**Directions for this task:**
Retype each record exactly; no pictures.

** Task data follows **

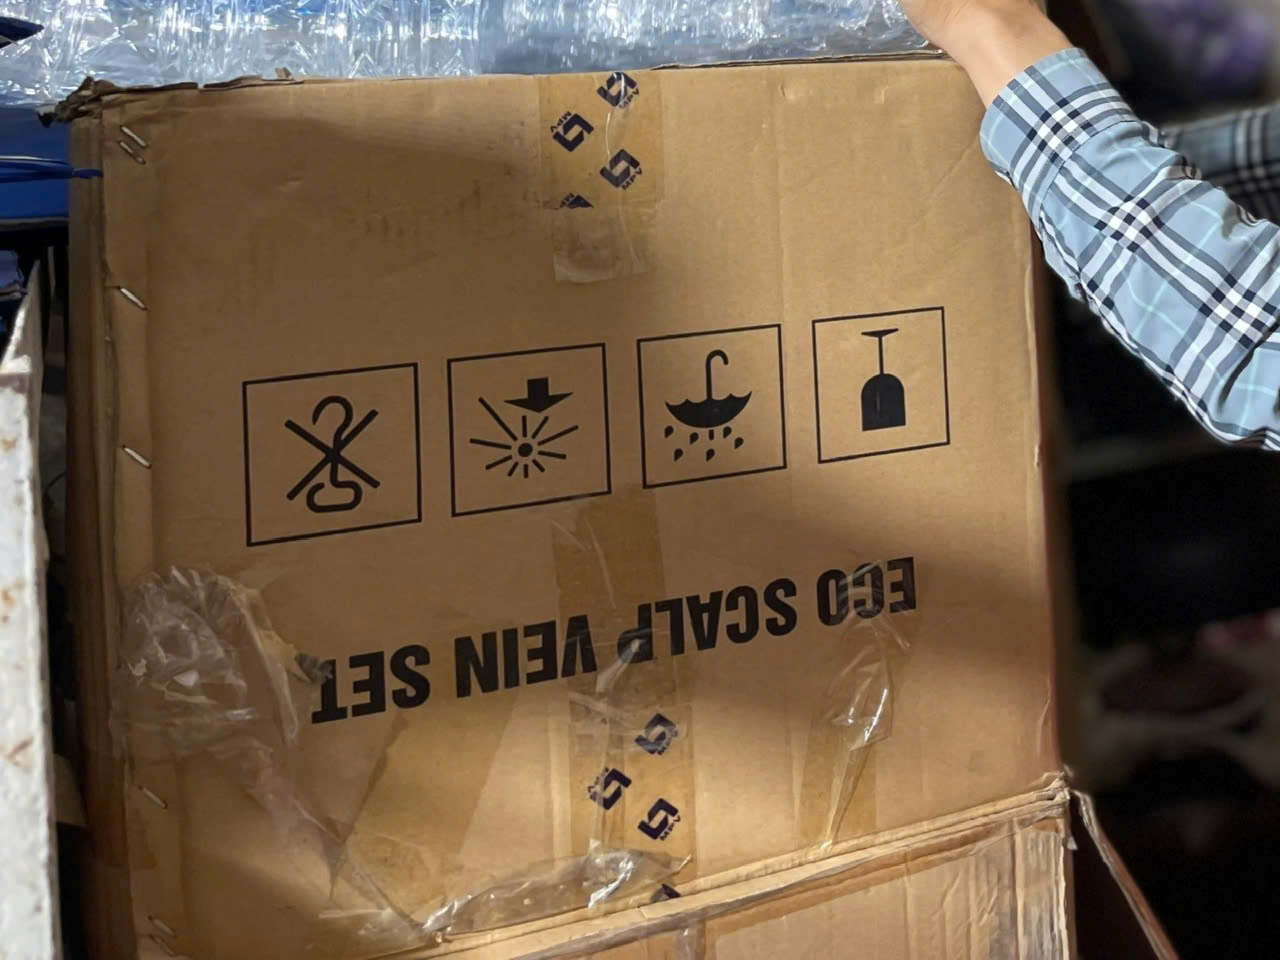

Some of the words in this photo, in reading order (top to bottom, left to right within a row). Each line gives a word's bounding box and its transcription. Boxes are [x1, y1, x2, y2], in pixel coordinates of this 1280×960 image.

[616, 578, 798, 664] SCALP
[816, 557, 917, 626] ECO
[311, 644, 431, 724] SET
[454, 614, 597, 698] VEIN
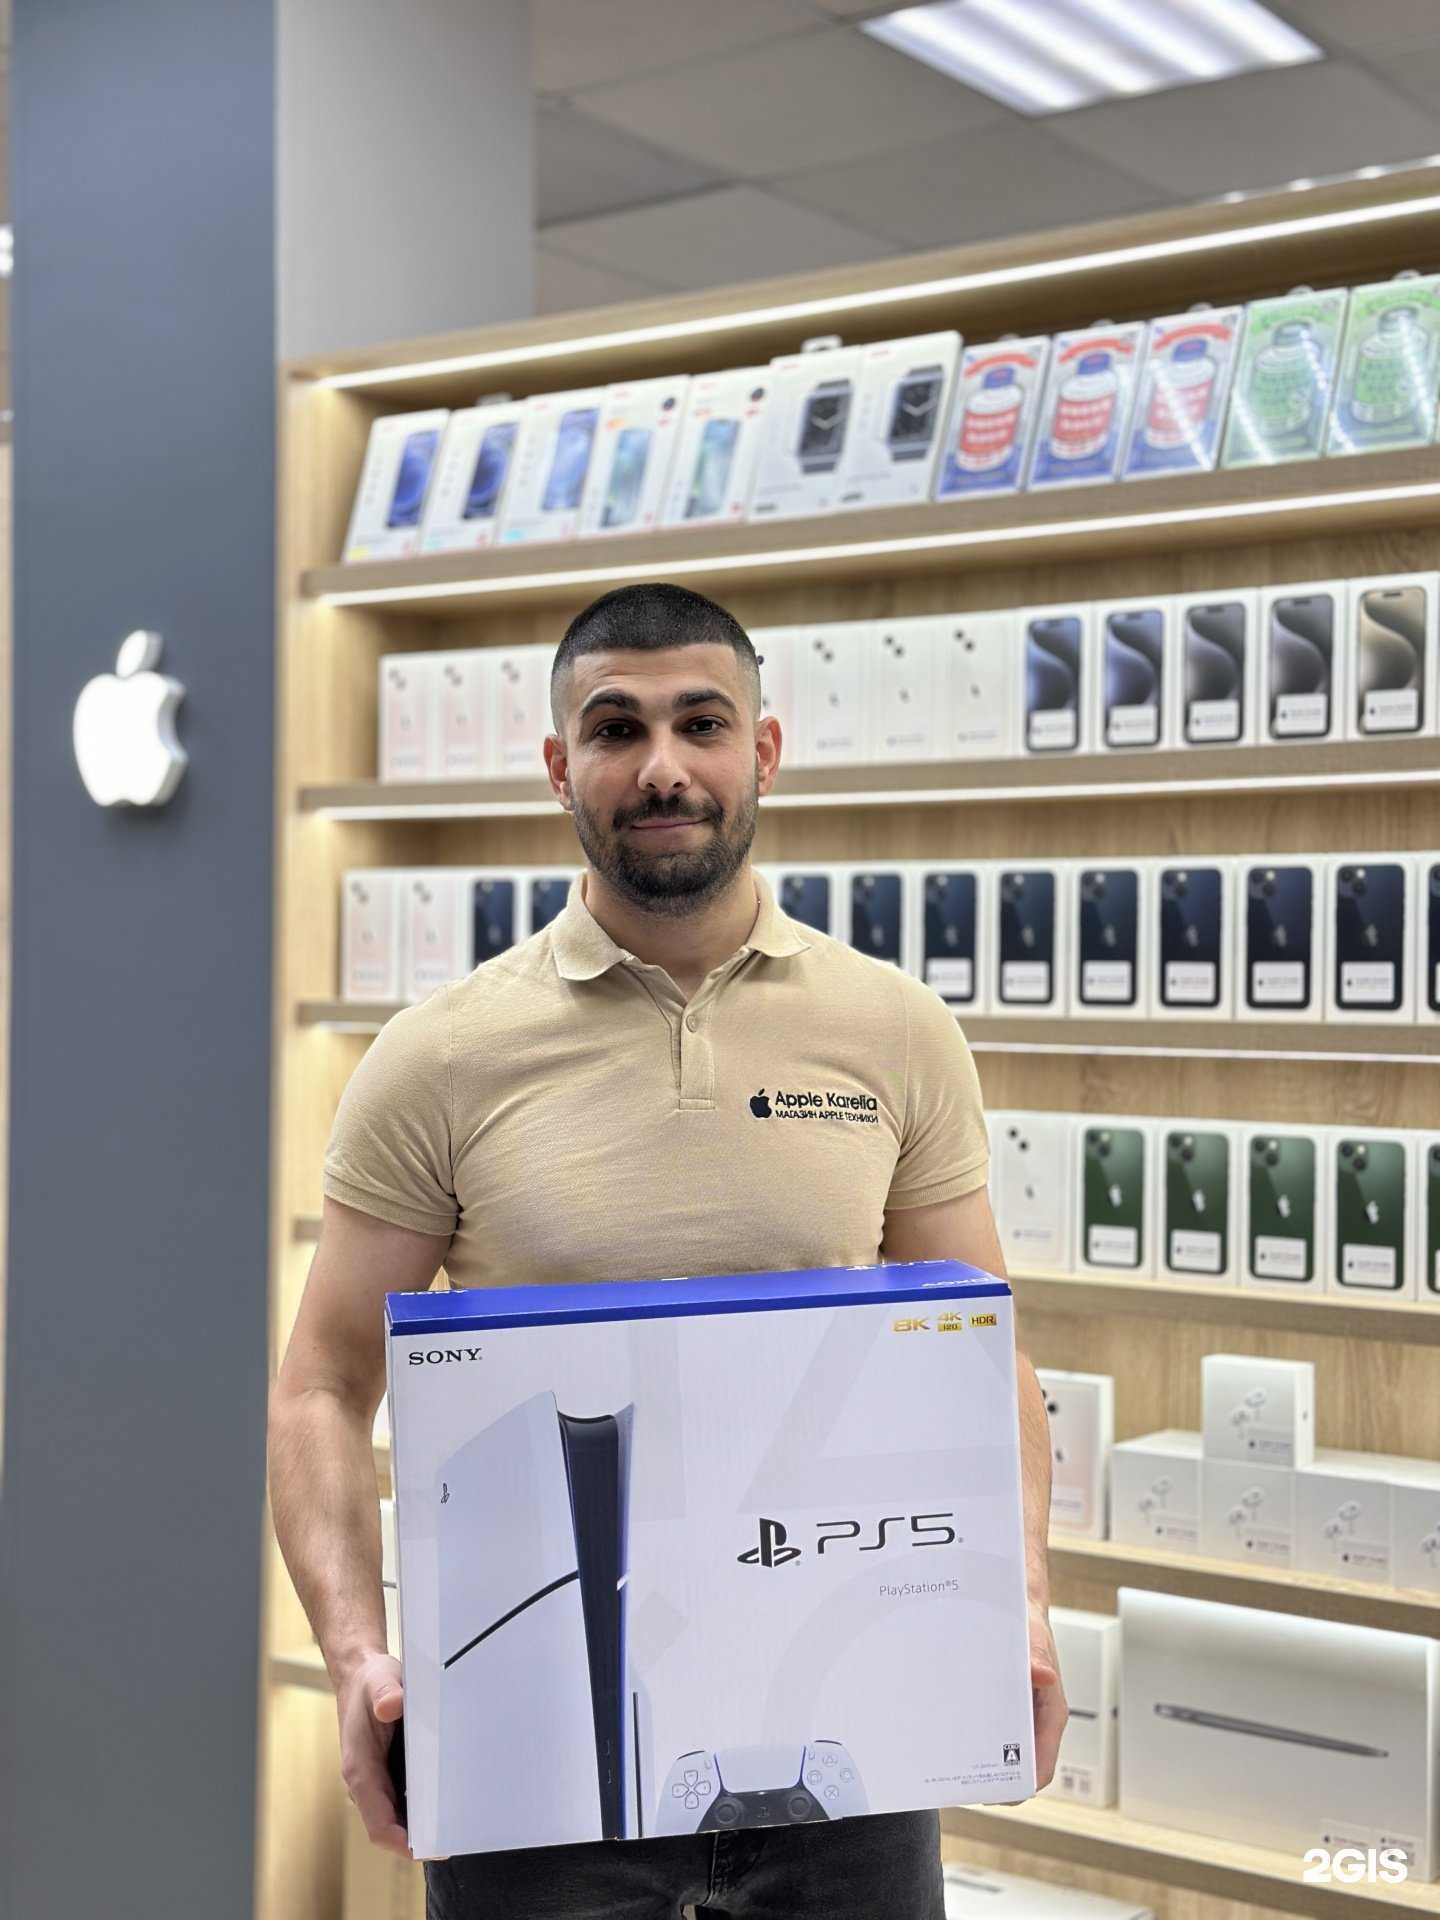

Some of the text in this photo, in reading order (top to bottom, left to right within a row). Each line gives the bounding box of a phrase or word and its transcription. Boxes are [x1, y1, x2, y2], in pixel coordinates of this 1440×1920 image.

[775, 1090, 878, 1111] Apple Karelia
[775, 1109, 818, 1119] МАГАЗИН
[893, 1318, 930, 1333] 8K
[971, 1315, 995, 1326] HDR
[408, 1347, 482, 1366] SONY
[815, 1512, 957, 1555] PS5

** End of Task data **

**Reply to the task:**
Some of the words in this photo, in reading order (top to bottom, left to right within a row). Each line gives a word's bounding box and its transcription. Boxes are [x1, y1, x2, y2], in pixel coordinates of this 1280×960 image.

[616, 578, 798, 664] SCALP
[816, 557, 917, 626] ECO
[311, 644, 431, 724] SET
[454, 614, 597, 698] VEIN

Some of the text in this photo, in reading order (top to bottom, left to right within a row). Each line gives the bounding box of a phrase or word and its transcription. Boxes are [x1, y1, x2, y2], in pixel coordinates of this 1440×1920 image.

[775, 1090, 878, 1111] Apple Karelia
[775, 1109, 818, 1119] МАГАЗИН
[893, 1318, 930, 1333] 8K
[971, 1315, 995, 1326] HDR
[408, 1347, 482, 1366] SONY
[815, 1512, 957, 1555] PS5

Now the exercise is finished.